I’d also had the chance previously to “fly” an as yet unannounced Garmin touch-screen integrated avionics suite in the company’s human factors lab. There is much similarity between the software, symbology and user interface logic of the GTN products and those of the integrated avionics suites.

Both systems do away with menus and a lot of the text, making use instead of a highly graphical user interface with big touch-sensitive symbols and a very shallow menu system. The approach makes operating the system so easy that it is nothing short of revolutionary. While the GNS 430 gave pilots a navigator that did much more than anything they’d ever had in the panel (GPS and later WAAS, nav and comm radios, FMS, vertical navigation, user waypoints, GPS approaches and more), it is not an easy box to learn.

The GTN navigators, on the other hand, are remarkably easy to learn and to use. On my hourlong demo flight with Garmin flight-test pilot Grant Wittenborn, I handled the radios, entered and frequently modified our flight plan, used the vertical nav functions, controlled the audio panel, found a few nearest airports and other waypoints, flew an ILS approach and checked on the fuel. On a few occasions Grant helped me out, not by telling me how to do something but by telling me how to do something in a way that would save me a couple of button touches.

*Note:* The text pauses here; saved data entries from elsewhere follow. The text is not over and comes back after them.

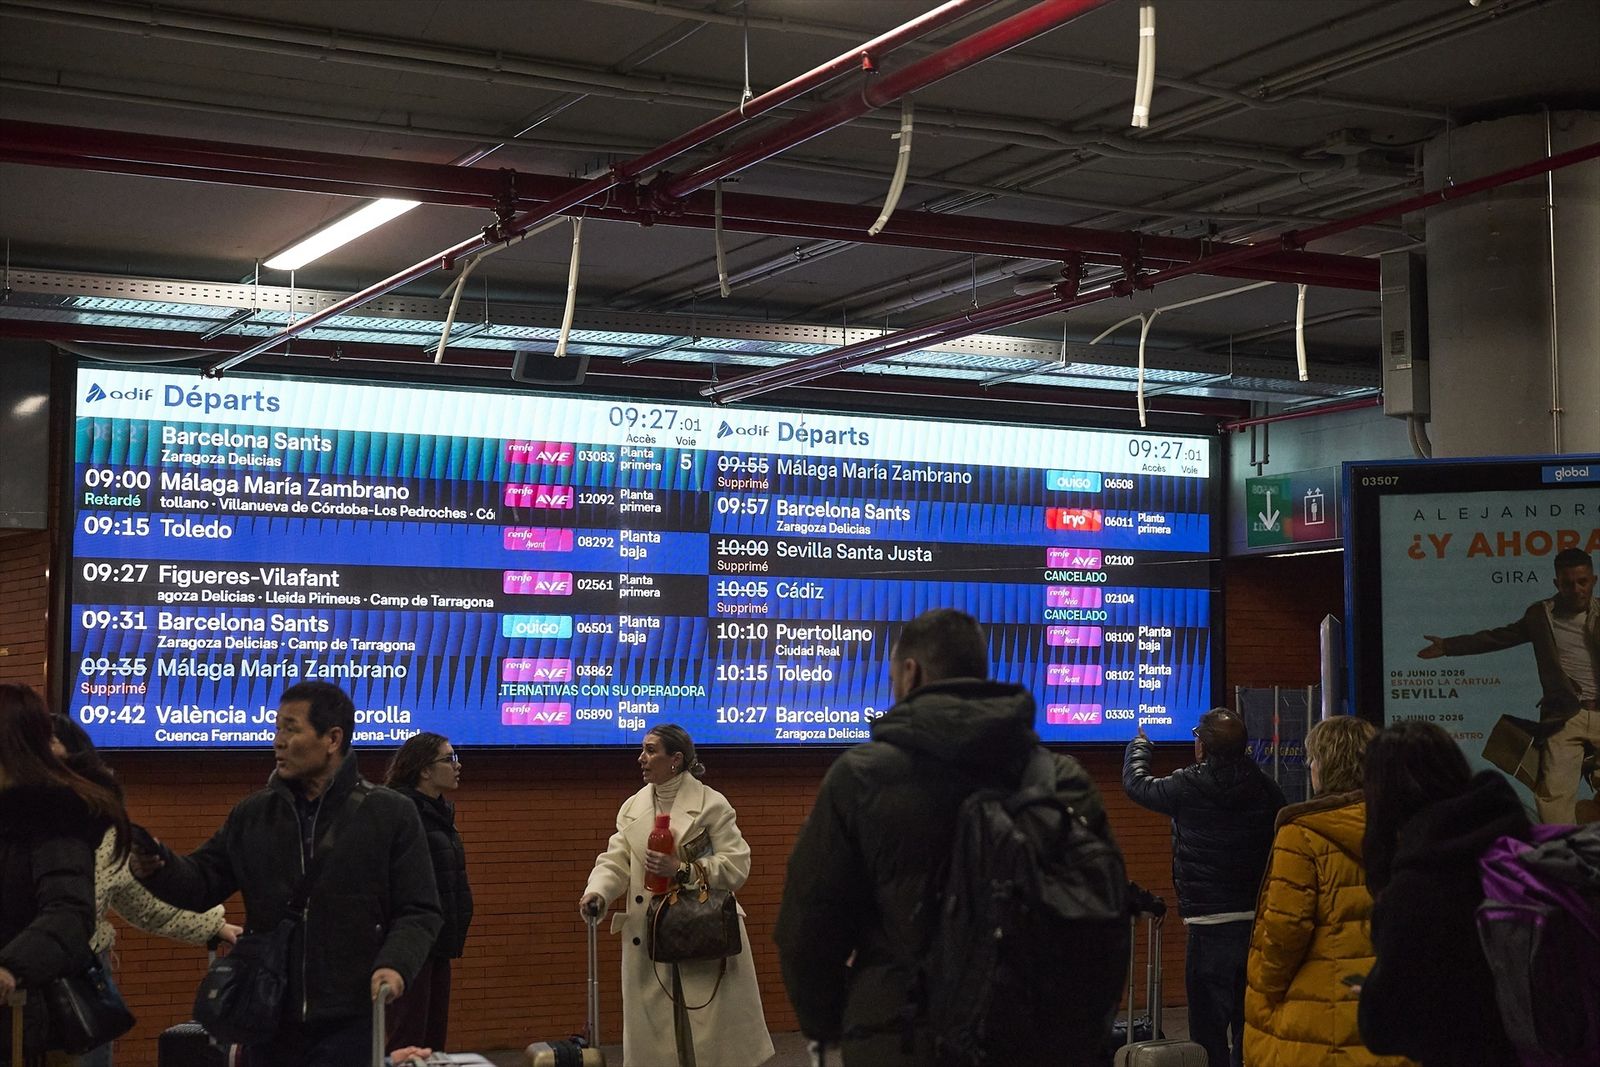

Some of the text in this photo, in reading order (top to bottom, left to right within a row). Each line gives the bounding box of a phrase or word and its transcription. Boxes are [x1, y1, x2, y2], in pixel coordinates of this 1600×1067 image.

[110, 387, 154, 401] adif
[164, 384, 280, 414] Départs
[609, 406, 678, 430] 09:27
[736, 425, 770, 436] adif
[778, 422, 870, 448] Départs
[162, 426, 269, 450] Barcelona
[273, 432, 332, 452] Sants
[626, 434, 656, 444] Accès
[676, 436, 696, 446] Voie
[620, 446, 654, 459] Planta
[1129, 439, 1182, 460] 09:27
[161, 450, 282, 467] Zaragoza Delicias
[536, 452, 570, 462] AVE
[578, 451, 615, 462] 03083
[680, 454, 691, 469] 5
[620, 459, 662, 472] primera
[718, 456, 769, 474] 09:55
[777, 458, 972, 484] Málaga María Zambrano
[1142, 463, 1166, 472] Accès
[1181, 465, 1198, 474] Voie
[85, 468, 151, 488] 09:00
[1555, 467, 1589, 481] global
[161, 472, 409, 500] Málaga María Zambrano
[718, 477, 769, 490] Supprimé
[1104, 479, 1134, 489] 06508
[1362, 477, 1399, 486] 03507
[84, 492, 141, 507] Retardé
[535, 495, 568, 506] AVE
[578, 493, 614, 505] 12092
[620, 489, 654, 501] Planta
[160, 496, 467, 519] tollano Villanueva de Córdoba-Los Pedroches
[620, 501, 662, 514] primera
[717, 497, 768, 515] 09:57
[777, 500, 911, 521] Barcelona Sants
[1413, 503, 1600, 520] ALEJANDR
[1105, 517, 1134, 527] 06011
[1138, 513, 1164, 523] Planta
[84, 516, 150, 536] 09:15
[161, 519, 232, 539] Toledo
[777, 521, 871, 535] Zaragoza Delicias
[1138, 525, 1171, 535] primera
[578, 536, 614, 548] 08292
[620, 530, 660, 543] Planta
[620, 544, 647, 558] baja
[717, 539, 768, 556] 10:00
[776, 541, 932, 562] Sevilla Santa Justa
[1407, 532, 1452, 560] ¿Y
[717, 560, 768, 574] Supprimé
[1072, 558, 1098, 567] AVE
[1105, 556, 1134, 565] 02100
[83, 563, 149, 583] 09:27
[158, 564, 340, 589] Figueres-Vilafant
[1044, 571, 1107, 582] CANCELADO
[1492, 571, 1538, 583] GIRA
[535, 581, 568, 592] AVE
[577, 579, 613, 590] 02561
[619, 574, 653, 586] Planta
[619, 587, 660, 599] primera
[717, 581, 768, 598] 10:05
[776, 582, 824, 600] Cádiz
[157, 590, 494, 610] agoza Delicias Lleida Pirineus Camp de Tarragona
[1105, 594, 1134, 604] 02104
[717, 602, 768, 615] Supprimé
[1044, 609, 1107, 621] CANCELADO
[82, 611, 147, 630] 09:31
[158, 612, 329, 633] Barcelona Sants
[619, 616, 660, 630] Planta
[576, 622, 613, 634] 06501
[717, 622, 768, 640] 10:10
[776, 624, 872, 642] Puertollano
[1139, 626, 1171, 638] Planta
[619, 631, 646, 645] baja
[1106, 632, 1134, 642] 08100
[157, 636, 417, 655] Zaragoza Delicias Camp de Tarragona
[776, 645, 840, 657] Ciudad Real
[1139, 640, 1160, 653] baja
[81, 658, 147, 676] 09:35
[157, 658, 407, 681] Málaga María Zambrano
[533, 668, 568, 679] AVE
[576, 665, 612, 676] 03862
[717, 664, 768, 681] 10:15
[776, 665, 833, 682] Toledo
[1139, 664, 1172, 675] Planta
[1106, 671, 1134, 681] 08102
[81, 682, 146, 698] Supprimé
[498, 684, 706, 697] TERNATIVAS CON SU OPERADORA
[1139, 678, 1161, 691] baja
[1391, 688, 1458, 699] SEVILLA
[80, 705, 146, 724] 09:42
[156, 705, 246, 725] València
[576, 709, 612, 720] 05890
[618, 702, 659, 715] Planta
[716, 707, 768, 723] 10:27
[776, 707, 860, 723] Barcelona
[1106, 710, 1134, 720] 03303
[1139, 704, 1166, 714] Planta
[533, 712, 568, 722] AVE
[618, 716, 646, 730] baja
[1072, 712, 1099, 722] AVE
[1139, 715, 1172, 726] primera
[1406, 714, 1436, 722] JUNIO
[155, 729, 276, 742] Cuenca Fernando
[776, 728, 870, 741] Zaragoza Delicias

I fly IFR the majority of the time; consequently, I enter and modify flight plans on a regular basis. Living in central Texas, I’m lucky to be able to fly “direct-to” routes regularly, a welcome change from my former East Coast existence. But when I need to fly airway routings with the 430, it always requires digging out a chart and entering the relevant waypoints along the airway. It’s time-consuming and it distracts me from other cockpit duties.

With the GTN navigators, airway flight planning is remarkably easy and intuitive. Let’s say that I’m planning a flight from Austin to Oklahoma City and I get a clearance to fly to Will Rogers Airport via Centex VOR (CWK), V17 and IRW (Will Rogers) direct to the airport, about 350 nm distant. Doing it the old-fashioned way would have required that I enter eight waypoints, all the while folding and fiddling with charts as I followed the twists and turns of the airways. With the GTN navigators, all I need to do is enter CWK and from there V17, exit the airway at IRW, and I’m done. It does all the twisting and turning for me, so I can concentrate on flying the airplane instead of telling the navigator something it should already know. Like just about every other feature on the GTN, airway flight planning is so intuitive you don’t need instruction to figure out how to do it. It just makes sense. On my flight in the Mooney, I taught myself to use the system literally on the fly.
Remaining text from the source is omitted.